2 former patients sue Munster cardiologist
By Teresa Auch Schultz email@example.com May 7, 2014 5:46PM
Updated: June 10, 2014 6:38AM
Two former patients of a Munster cardiologist are suing the doctor and Community Hospital over implanted pacemakers they said weren’t medically necessary, a finding that has been backed by the Indiana Department of Insurance.
The two plaintiffs, Gloria Sargent, 47, of Griffith, and Raymond Kammer, 32, of Akron, Ohio, also claim in their separate suits, filed a month ago in Lake County Circuit Court, that Dr. Arvind Gandhi used his position at Community to skirt rules overseeing who was credentialed to implant pacemaker-defibrillator devices.
A call for comment to Gandhi’s office was referred his attorney, Megan Brennan, who declined to comment.
Community said in a release that “there is no basis for any of the allegations made against Community Hospital ...”
Sargent’s lawsuit says she had received a defibrillator in early 2006 because of a weak heart but that Gandhi told her later that year she needed to “upgrade” to another one.
The first attempt on Dec. 13, 2006, failed, leading doctors to reinstall her original defibrillator. A second attempt the next day was successful, but Sargent claimed she experienced palpitations for the next year and had to go to the emergency room at Methodist Hospitals Southlake campus in Merrillville in February 2008.
Sargent said at a news conference Wednesday morning that she remained in poor health until she received a heart transplant in August, which the lawsuit claims was needed because of the second implant.
“I was weak a lot; I got tired very easily,” she said. “It was pretty bad.”
The Indiana Department of Insurance agreed with her in January that Gandhi “failed to comply with the appropriate standard of care,” which was part of her undergoing the implantation of an unnecessary upgrade.
However, the department also ruled that the upgrade did not cause her any long-term harm and that Community Hospital did not fail to meet the appropriate standard of care.
According to Kammer’s lawsuit, Gandhi told him in 2007 that he was experiencing heart failure and could soon die if he did not receive a defibrillator. Kammer, who was then living in Hammond, sought a second opinion from a doctor who told him the condition of his heart did not require a defibrillator and that any problems should be fixed by medication.

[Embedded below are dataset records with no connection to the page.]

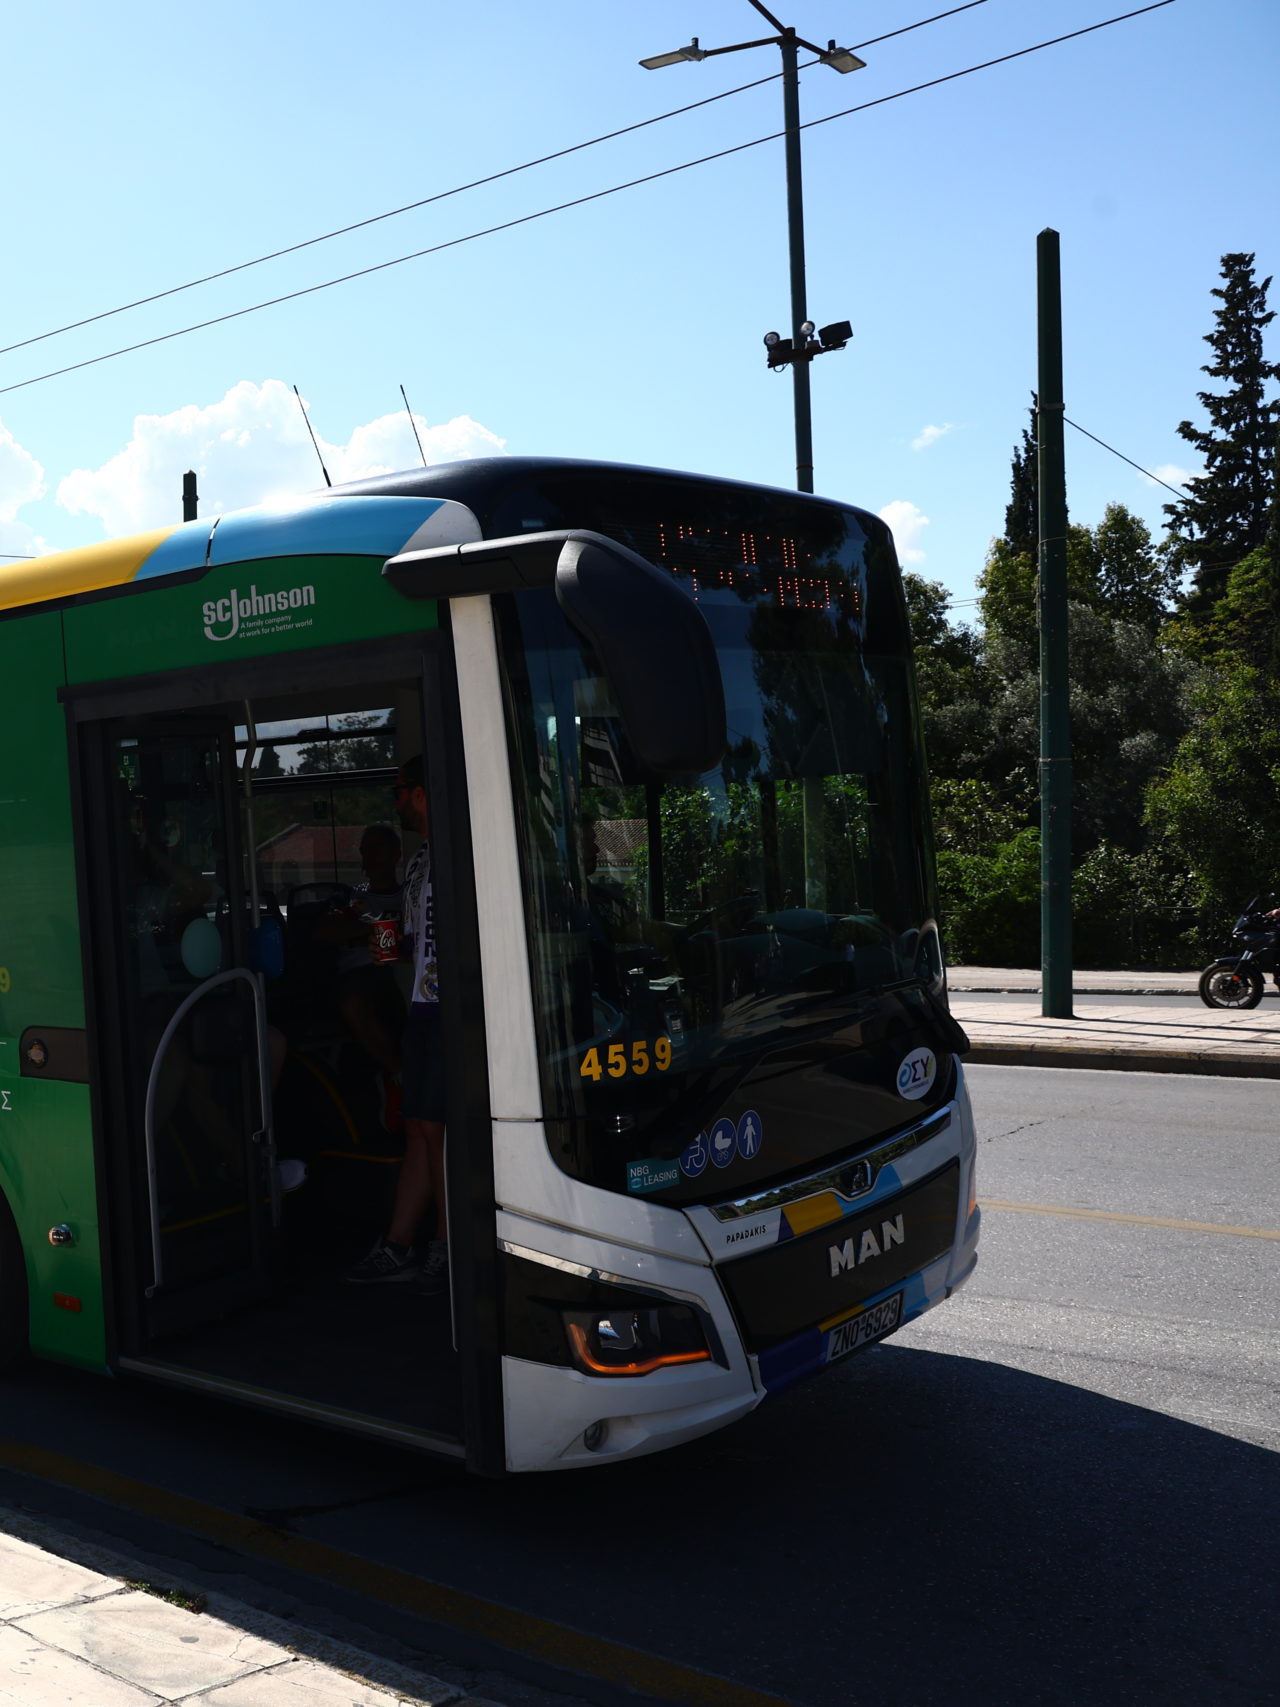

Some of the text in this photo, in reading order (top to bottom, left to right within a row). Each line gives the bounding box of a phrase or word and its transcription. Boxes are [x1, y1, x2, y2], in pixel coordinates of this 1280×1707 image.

[239, 631, 246, 639] at
[246, 628, 261, 639] work
[261, 626, 271, 635] for
[276, 623, 294, 633] better
[295, 618, 313, 629] world
[246, 620, 264, 630] family
[265, 615, 292, 626] company
[580, 1036, 672, 1082] 4559
[630, 1165, 650, 1178] NBG
[643, 1169, 678, 1187] LEASING
[726, 1224, 767, 1244] PAPADAKIS
[828, 1213, 905, 1278] MAN

Gandhi continued to press on him, however, and Kammer agreed to surgery, which took place in June 2007.
“(Gandhi said) I could run the risk of dying,” Kammer said Wednesday. “That’s pretty intimidating.”
Although Kammer said during the news conference Wednesday that he has not experienced any physical problems from the device, he has since been told it is part of a recall because of defective parts.

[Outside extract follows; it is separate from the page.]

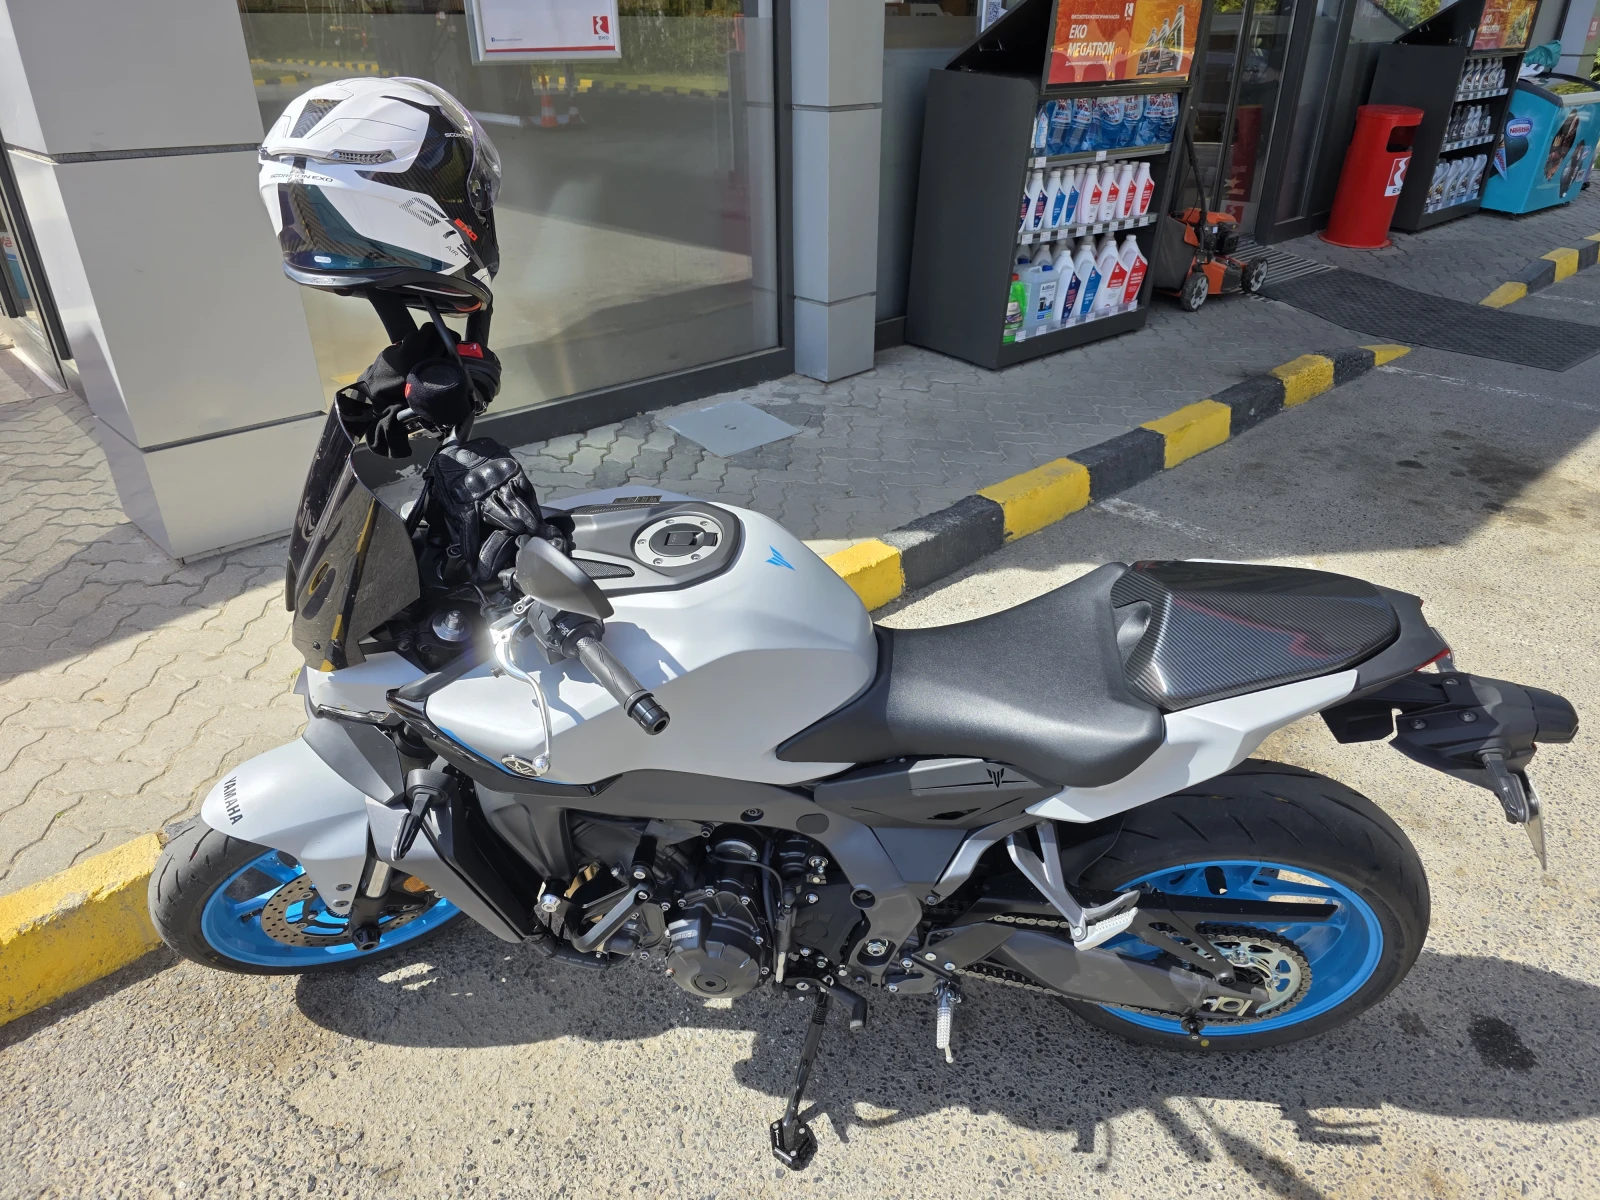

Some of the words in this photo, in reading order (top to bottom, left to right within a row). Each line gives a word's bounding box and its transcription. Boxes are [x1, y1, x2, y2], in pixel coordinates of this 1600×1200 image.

The lawsuit claims that the device’s company, Medtronic, told doctors in March 2007, before Kammer’s surgery, that there were problems with the device.
The Department of Insurance did rule that Gandhi caused Kammer to get a medically unnecessary implant, although it again ruled that Community was not at fault.
Both lawsuits, which have been filed by attorney Paul Rossi on behalf of Sargent and Kammer, also claim that Gandhi, a general cardiologist, was never properly trained or certified to implant defibrillators and that he used his position at Community to change the hospital’s rules about how doctors can be credentialed to perform such procedures to allow him to become credentialed.
Community has filed for summary judgment in its favor in both cases, citing the finding by the Department of Insurance.
Two other attorneys at the news conference, David Cutshaw and Barry Rooth, cited a federal lawsuit filed in 2011 by two other Community Hospital workers, Dr. David Jayakar and Brian Decker, as the spark for these two new lawsuits.
That suit, which was filed on behalf of the federal government, claimed that, among other things, Gandhi was pushing defibrillators for money.
The federal government later intervened and reached a settlement in 2012 with Gandhi and the hospital, but not over unnecessary defibrillators. Both parties instead agreed to pay a total of $116,393 to the federal government over sending cardiac monitoring devices home with patients for free and then billing insurance companies for them.
Neither Gandhi nor Community admitted wrongdoing, and Community said Wednesday that the issue was over payment related to the home monitoring devices, although it says the hospital never received any money for the devices.
All other claims were dismissed as part of the settlement.